I thought he was going to say something yet he walked by without a word. I momentarily felt like going back to Danner’s home, but forced myself to continue. I went up the rickety suspension bridge leading to Skilika proper, the boards groaning with every step. Danner told me that the arakkoa have hollow bones, making them quite light despite their ponderous appearance.

I walked into a terrible mess, heaps of rags and bones covering the floor. An arakkoa stood behind a complex array of glass vials and powder bowls, his talons twitching as they turned the pages of a massive book. Scraps of festering black meat lay on the desk, mysteriously free of flies. His head flicked up in a quick movement when he heard me. He wore a cumbersome headdress of bones, sticks, and gray feathers.

“What do you want, dead one?” he screeched in Orcish. I winced at the sound.

“I wanted to learn more about the arakkoa. Is this a bad time?”

“No, not at all. Do not mind my voice, I am not angry. The Orcish tongue does not come naturally to my race. Great difficulty in speaking. What do you wish to learn?”

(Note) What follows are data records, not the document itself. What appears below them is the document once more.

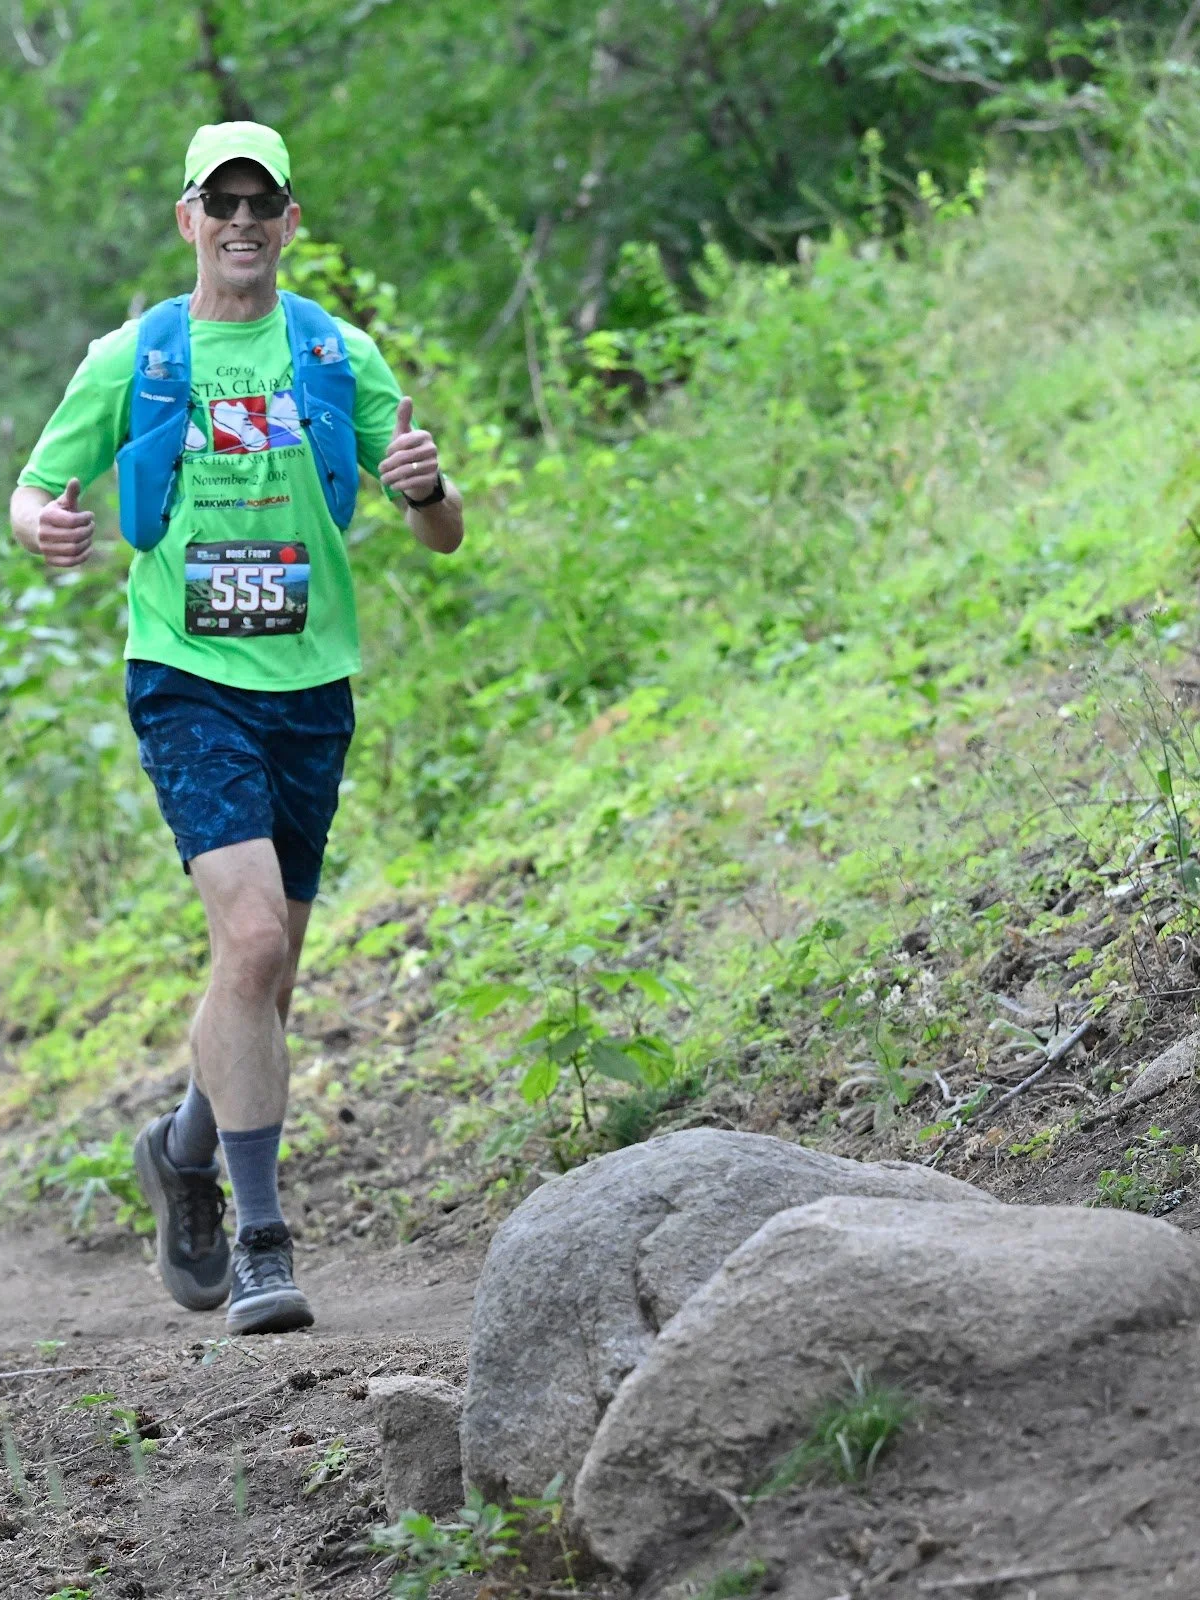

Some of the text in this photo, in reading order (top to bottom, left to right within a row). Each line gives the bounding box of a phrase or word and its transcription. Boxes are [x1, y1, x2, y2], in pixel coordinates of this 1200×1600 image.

[216, 365, 256, 377] City of
[192, 473, 249, 486] November
[265, 470, 288, 484] 008
[193, 499, 237, 508] PARKWAY
[211, 566, 285, 612] 555

I noticed a filthy nest lying next to tree trunk that supported the hut. Two pinkish eggs lay in straw, surrounded by rags and broken idols.

“Whose eggs are those?”

“I am the mother. Beautiful eggs, no? A harsh world awaits them, so I care for them well.”

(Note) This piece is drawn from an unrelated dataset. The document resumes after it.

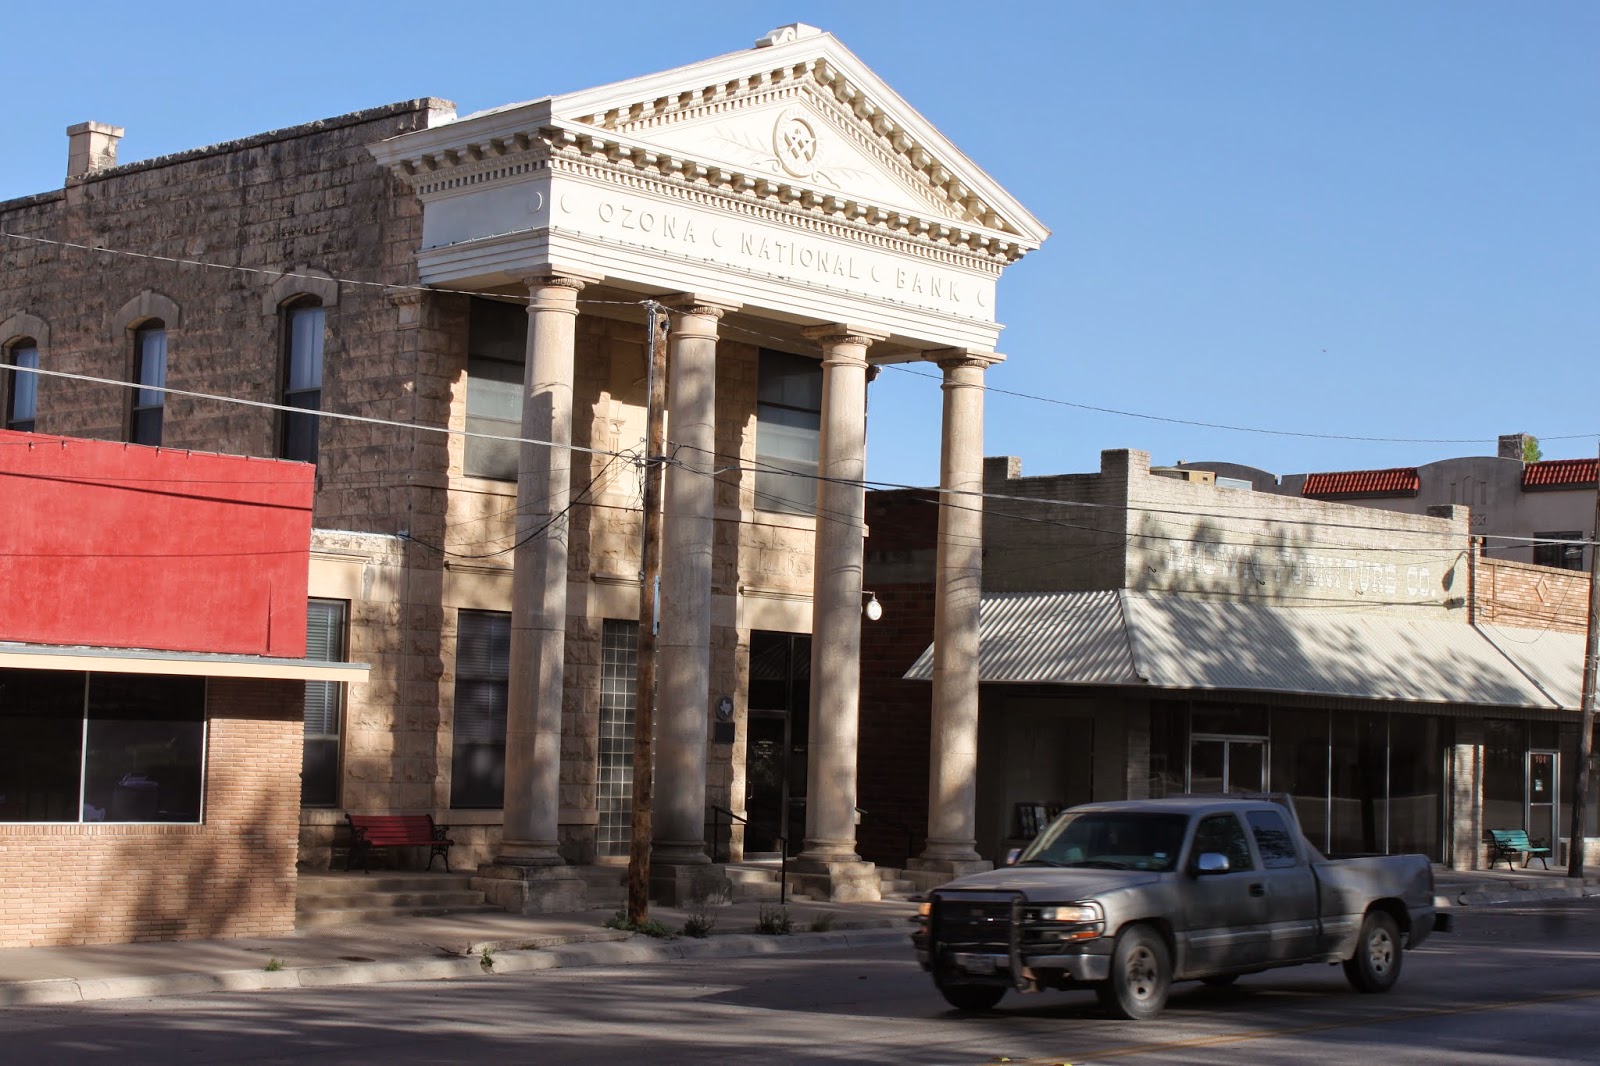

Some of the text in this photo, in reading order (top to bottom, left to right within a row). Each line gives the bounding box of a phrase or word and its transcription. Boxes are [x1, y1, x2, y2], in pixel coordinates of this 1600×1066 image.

“Oh, I see. Congratulations on your soon-to-be-hatched brood.”

“A few more months yet, dead one.”

“Do you need to warm the eggs?”

“Simple sorceries do that for us, though I sleep in the nest each night. What do you wish to know about the arakkoa?”

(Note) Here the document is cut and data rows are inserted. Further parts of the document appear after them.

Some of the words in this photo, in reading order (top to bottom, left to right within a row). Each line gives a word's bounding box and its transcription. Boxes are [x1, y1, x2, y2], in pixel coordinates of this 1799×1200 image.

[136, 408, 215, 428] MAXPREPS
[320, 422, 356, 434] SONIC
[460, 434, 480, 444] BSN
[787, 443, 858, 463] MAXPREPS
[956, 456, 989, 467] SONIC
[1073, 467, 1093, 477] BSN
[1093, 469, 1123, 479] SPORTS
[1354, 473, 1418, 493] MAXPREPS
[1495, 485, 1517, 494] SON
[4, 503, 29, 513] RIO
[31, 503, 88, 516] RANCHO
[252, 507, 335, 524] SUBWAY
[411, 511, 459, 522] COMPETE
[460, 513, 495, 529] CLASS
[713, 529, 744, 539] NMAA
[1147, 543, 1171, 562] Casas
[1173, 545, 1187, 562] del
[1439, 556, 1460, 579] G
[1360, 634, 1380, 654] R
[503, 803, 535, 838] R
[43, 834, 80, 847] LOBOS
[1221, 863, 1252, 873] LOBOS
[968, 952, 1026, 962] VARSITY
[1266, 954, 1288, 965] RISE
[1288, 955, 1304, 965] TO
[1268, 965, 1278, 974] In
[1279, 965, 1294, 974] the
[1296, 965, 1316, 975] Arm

“Whatever you’re willing to tell me. I know almost nothing about your race.”

“Many things are not safe to say.” Her head darted from side to side in a rapid, almost mechanical movement. “If you wish, I can show you to Matriarch Ikireekilok.”

“Is she your leader?”

“Rilak the Redeemed is our leader, but he heeds the words of the matriarch. Follow me.”

“What were you working on, if I may ask?”

“Potions. Brewing elixirs is an old art among my race.”

I became hopelessly disoriented as I followed the alchemist deeper into Skilika. She guided me up stairs, across swaying bridges, and down more stairs. We passed by many years’ worth of detritus. Bulky arakkoa stand in the shadows of the huts, veiled in smoke and steam from their experiments. I soon lost all sight of the city’s temples and citadels, wandering in a dark and stinking forest.

We finally reached a hut built over the roots of an especially large tree. Stained and spotted drapes hang around the structure. The alchemist stopped at the entryway and made a painfully loud squawk. I heard something from the interior.

“Ikireekilok will see you.”

“Thank you. I’m not sure if I can find my way back.”

“I shall wait here.”

I stepped into the hut, a dark place lit by curtains of gray light filtering in from the outside. Thick, damp sheets of canvas covered the floor and stacks of old books reached nearly to the ceiling. I could not imagine that any were still readable, even if one knew the language.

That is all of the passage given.